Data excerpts
★ ★ ★ ★ ★ ★ ★

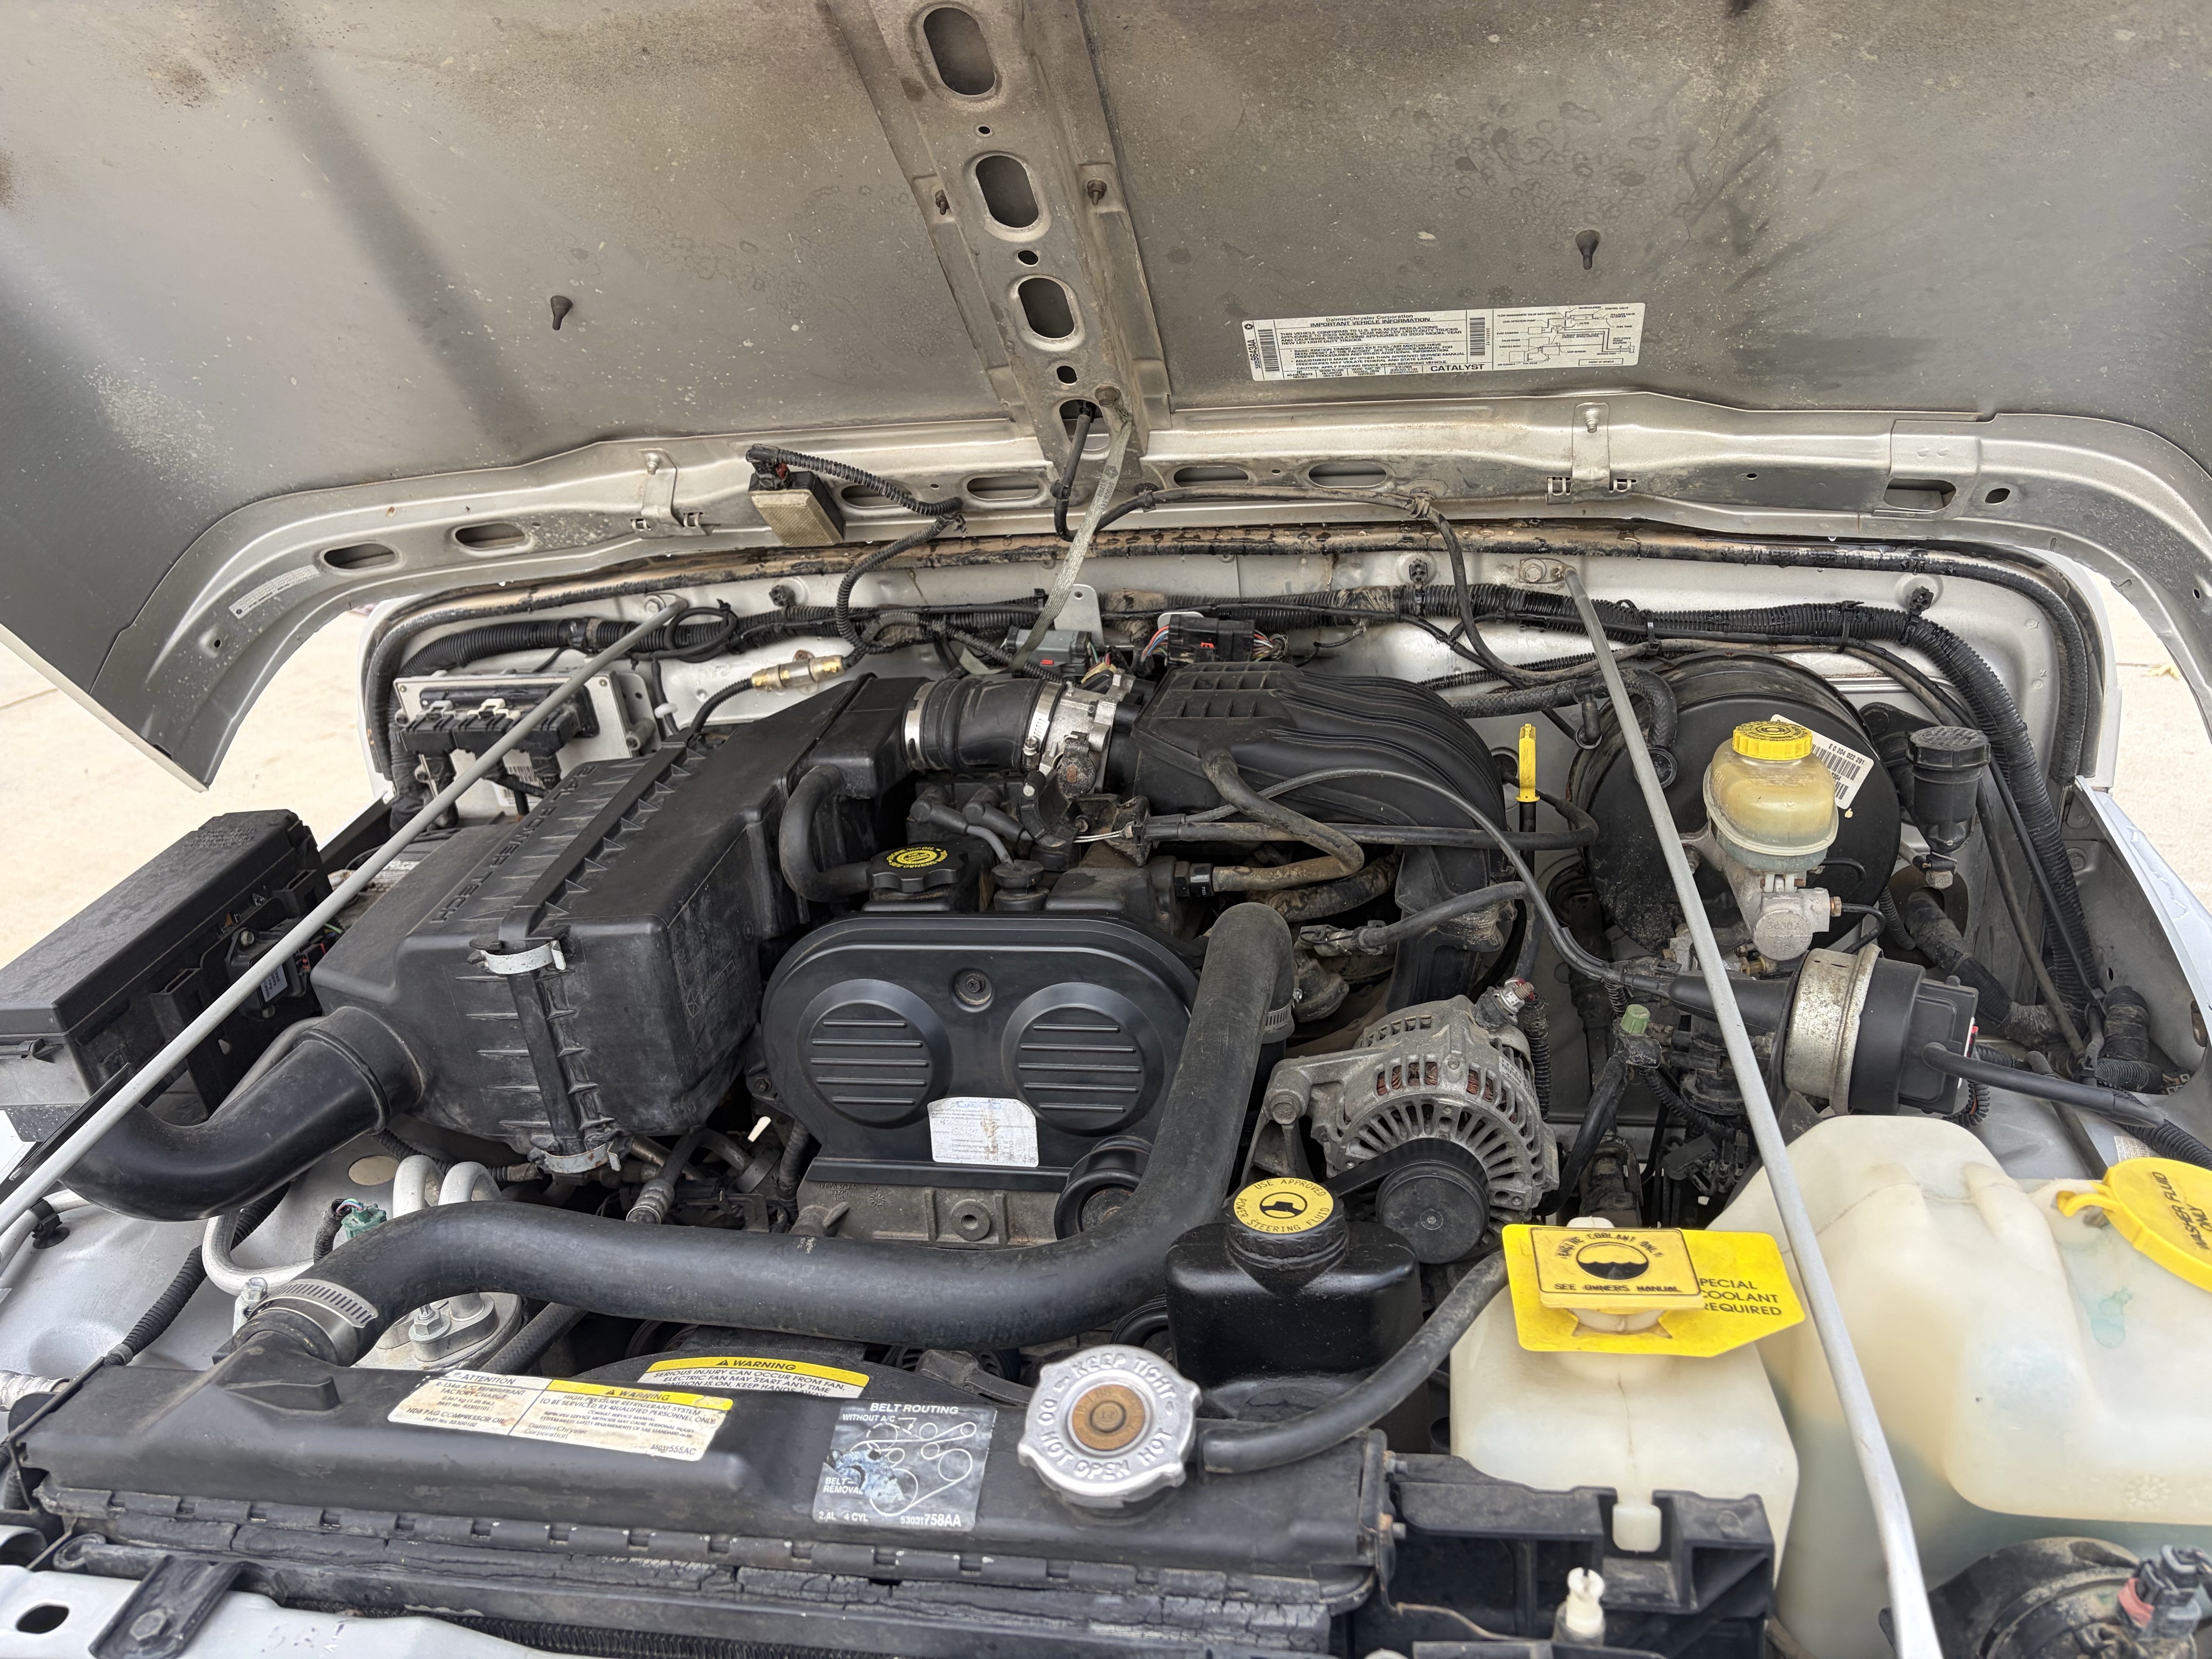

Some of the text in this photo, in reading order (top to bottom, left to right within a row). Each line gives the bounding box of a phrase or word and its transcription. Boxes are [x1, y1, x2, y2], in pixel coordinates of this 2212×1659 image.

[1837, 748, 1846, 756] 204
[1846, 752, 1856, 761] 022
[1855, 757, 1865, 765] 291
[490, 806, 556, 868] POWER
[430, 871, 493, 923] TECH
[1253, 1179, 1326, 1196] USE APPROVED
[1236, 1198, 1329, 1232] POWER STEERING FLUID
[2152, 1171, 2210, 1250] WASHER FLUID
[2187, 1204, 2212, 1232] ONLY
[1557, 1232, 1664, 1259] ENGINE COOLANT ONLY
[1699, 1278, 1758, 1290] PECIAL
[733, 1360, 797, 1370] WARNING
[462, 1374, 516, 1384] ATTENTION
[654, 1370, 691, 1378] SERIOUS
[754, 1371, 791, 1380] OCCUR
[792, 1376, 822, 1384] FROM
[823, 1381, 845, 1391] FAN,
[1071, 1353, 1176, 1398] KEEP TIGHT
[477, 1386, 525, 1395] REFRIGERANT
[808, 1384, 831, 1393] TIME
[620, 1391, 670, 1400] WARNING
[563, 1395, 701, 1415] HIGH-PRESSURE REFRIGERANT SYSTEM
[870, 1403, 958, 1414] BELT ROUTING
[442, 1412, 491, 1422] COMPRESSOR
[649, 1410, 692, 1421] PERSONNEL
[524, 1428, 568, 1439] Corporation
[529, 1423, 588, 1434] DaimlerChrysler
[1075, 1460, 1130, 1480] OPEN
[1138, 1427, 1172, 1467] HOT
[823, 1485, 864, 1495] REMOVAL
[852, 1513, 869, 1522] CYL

★ ★ ★ ★ ★ ★ ★

_YOUR TASK_
Output the records above in their entirety and exactly, leaving out all images.

_RESULT FOR THIS EXERCISE_
Some of the text in this photo, in reading order (top to bottom, left to right within a row). Each line gives the bounding box of a phrase or word and its transcription. Boxes are [x1, y1, x2, y2], in pixel coordinates of this 2212×1659 image.

[1837, 748, 1846, 756] 204
[1846, 752, 1856, 761] 022
[1855, 757, 1865, 765] 291
[490, 806, 556, 868] POWER
[430, 871, 493, 923] TECH
[1253, 1179, 1326, 1196] USE APPROVED
[1236, 1198, 1329, 1232] POWER STEERING FLUID
[2152, 1171, 2210, 1250] WASHER FLUID
[2187, 1204, 2212, 1232] ONLY
[1557, 1232, 1664, 1259] ENGINE COOLANT ONLY
[1699, 1278, 1758, 1290] PECIAL
[733, 1360, 797, 1370] WARNING
[462, 1374, 516, 1384] ATTENTION
[654, 1370, 691, 1378] SERIOUS
[754, 1371, 791, 1380] OCCUR
[792, 1376, 822, 1384] FROM
[823, 1381, 845, 1391] FAN,
[1071, 1353, 1176, 1398] KEEP TIGHT
[477, 1386, 525, 1395] REFRIGERANT
[808, 1384, 831, 1393] TIME
[620, 1391, 670, 1400] WARNING
[563, 1395, 701, 1415] HIGH-PRESSURE REFRIGERANT SYSTEM
[870, 1403, 958, 1414] BELT ROUTING
[442, 1412, 491, 1422] COMPRESSOR
[649, 1410, 692, 1421] PERSONNEL
[524, 1428, 568, 1439] Corporation
[529, 1423, 588, 1434] DaimlerChrysler
[1075, 1460, 1130, 1480] OPEN
[1138, 1427, 1172, 1467] HOT
[823, 1485, 864, 1495] REMOVAL
[852, 1513, 869, 1522] CYL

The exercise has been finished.